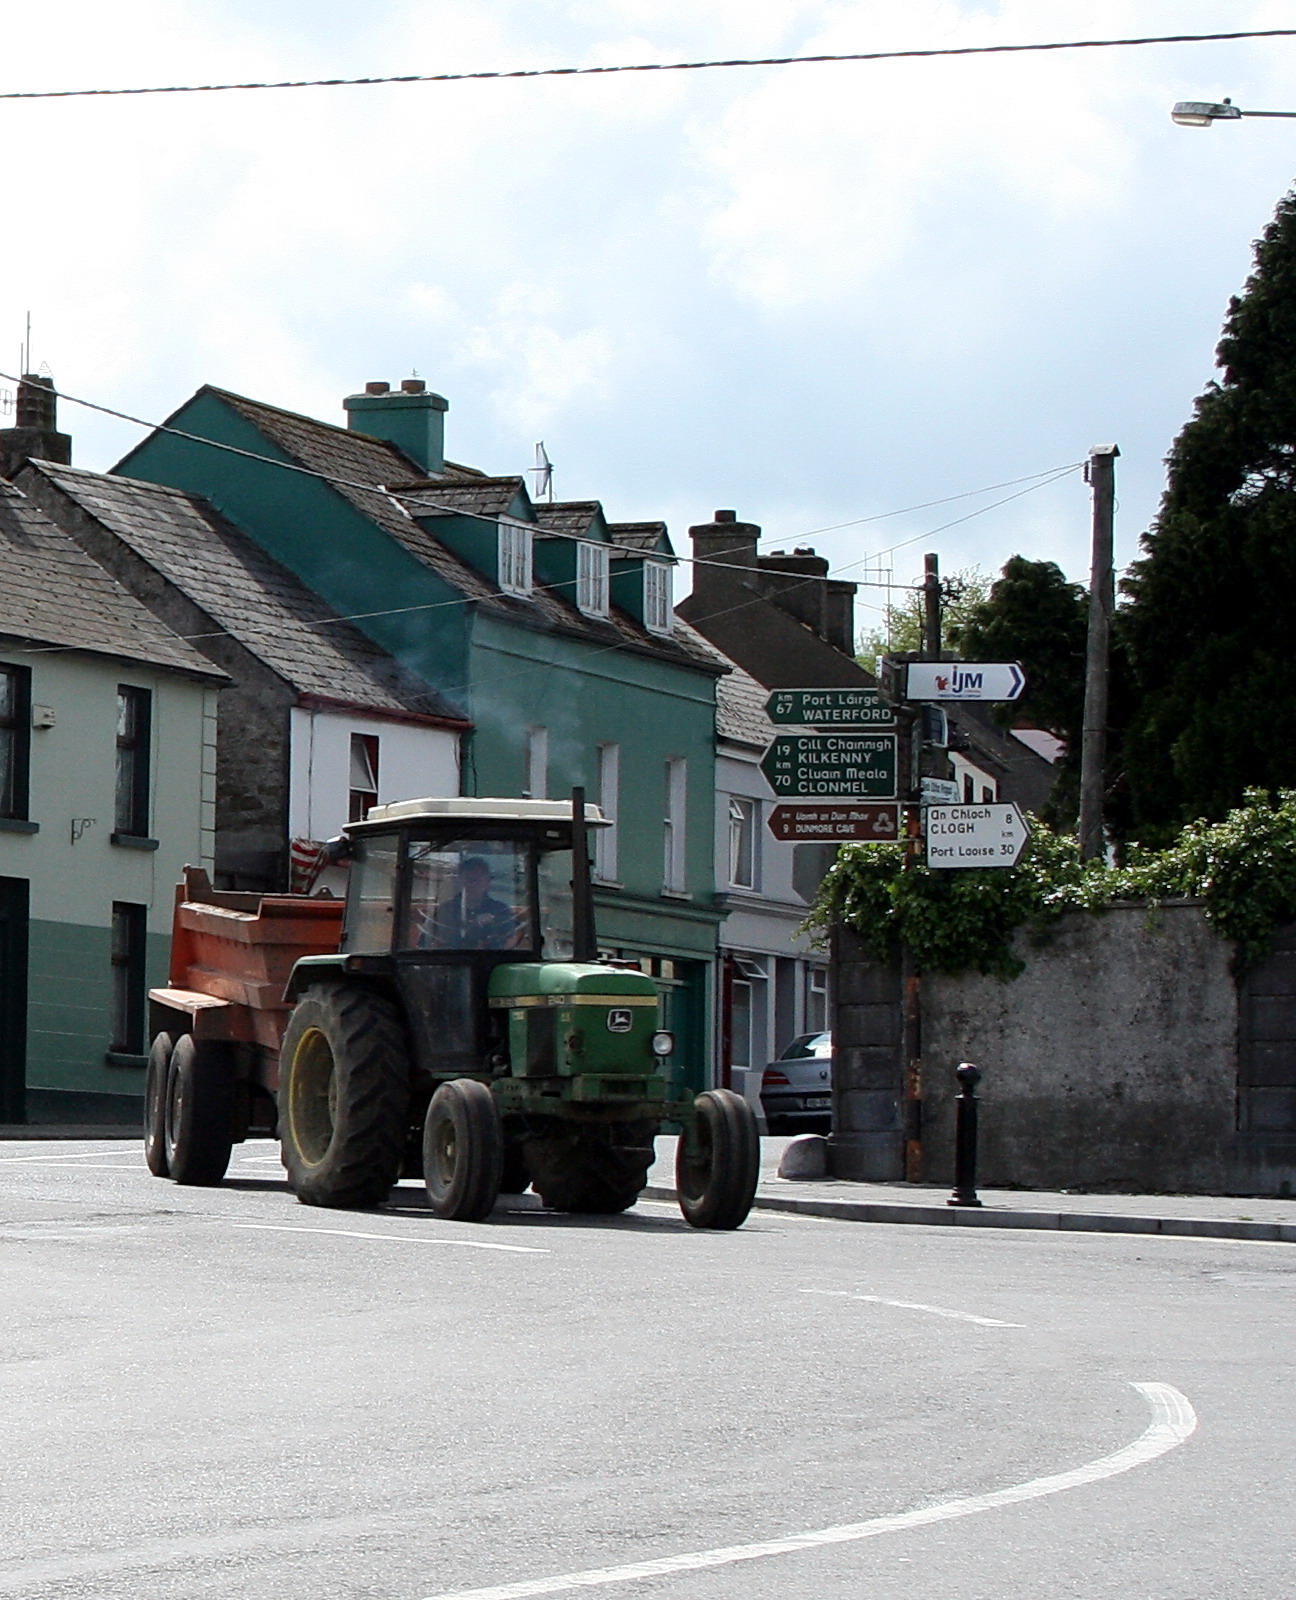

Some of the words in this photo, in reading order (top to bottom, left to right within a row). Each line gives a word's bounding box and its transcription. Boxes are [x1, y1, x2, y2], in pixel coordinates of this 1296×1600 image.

[802, 694, 832, 705] Port
[776, 703, 793, 714] 67
[802, 709, 891, 720] WATERFORD
[797, 738, 821, 750] Cill
[777, 745, 791, 756] 19
[798, 753, 872, 764] KILKENNY
[776, 761, 791, 769] km
[775, 775, 791, 786] 70
[797, 782, 868, 793] CLONMEL
[931, 809, 947, 820] An
[1005, 813, 1013, 824] 8
[795, 824, 834, 833] DUNMORE
[836, 824, 856, 833] CAVE
[930, 823, 975, 834] CLOGH
[930, 846, 954, 857] Port
[958, 846, 995, 856] Laoise
[1000, 844, 1014, 855] 30
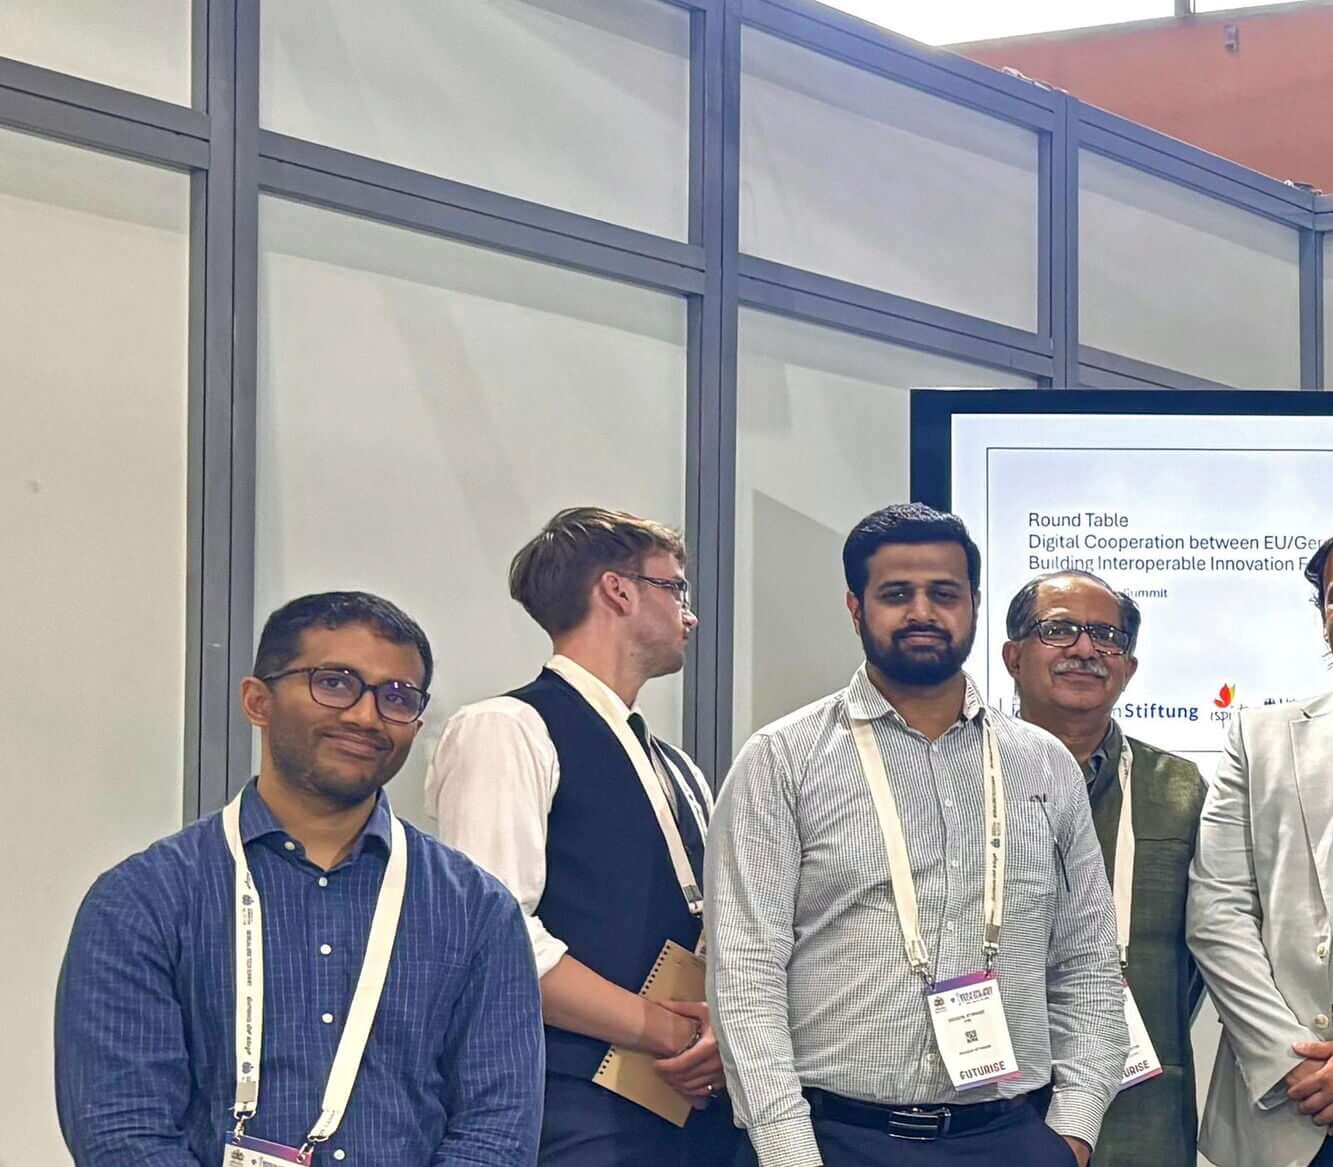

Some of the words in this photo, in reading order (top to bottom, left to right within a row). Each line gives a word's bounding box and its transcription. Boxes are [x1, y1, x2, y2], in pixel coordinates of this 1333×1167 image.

[1028, 512, 1081, 527] Round
[1085, 512, 1129, 527] Table
[1028, 534, 1079, 551] Digital
[1084, 534, 1184, 551] Cooperation
[1189, 535, 1259, 550] between
[1264, 535, 1321, 550] EU/Ge
[1028, 555, 1094, 572] Building
[1098, 555, 1206, 573] Interoperable
[1210, 556, 1295, 571] Innovation
[959, 1060, 1007, 1080] FUTURISE
[1122, 1060, 1151, 1079] URISE

▶ [Work instruction]: Although the records above contain pictures, output every line exactly and leave the pictures out.

▶ [Answer for this exercise]:
Some of the words in this photo, in reading order (top to bottom, left to right within a row). Each line gives a word's bounding box and its transcription. Boxes are [x1, y1, x2, y2], in pixel coordinates of this 1296×1600 image.

[802, 694, 832, 705] Port
[776, 703, 793, 714] 67
[802, 709, 891, 720] WATERFORD
[797, 738, 821, 750] Cill
[777, 745, 791, 756] 19
[798, 753, 872, 764] KILKENNY
[776, 761, 791, 769] km
[775, 775, 791, 786] 70
[797, 782, 868, 793] CLONMEL
[931, 809, 947, 820] An
[1005, 813, 1013, 824] 8
[795, 824, 834, 833] DUNMORE
[836, 824, 856, 833] CAVE
[930, 823, 975, 834] CLOGH
[930, 846, 954, 857] Port
[958, 846, 995, 856] Laoise
[1000, 844, 1014, 855] 30

Some of the words in this photo, in reading order (top to bottom, left to right within a row). Each line gives a word's bounding box and its transcription. Boxes are [x1, y1, x2, y2], in pixel coordinates of this 1333×1167 image.

[1028, 512, 1081, 527] Round
[1085, 512, 1129, 527] Table
[1028, 534, 1079, 551] Digital
[1084, 534, 1184, 551] Cooperation
[1189, 535, 1259, 550] between
[1264, 535, 1321, 550] EU/Ge
[1028, 555, 1094, 572] Building
[1098, 555, 1206, 573] Interoperable
[1210, 556, 1295, 571] Innovation
[959, 1060, 1007, 1080] FUTURISE
[1122, 1060, 1151, 1079] URISE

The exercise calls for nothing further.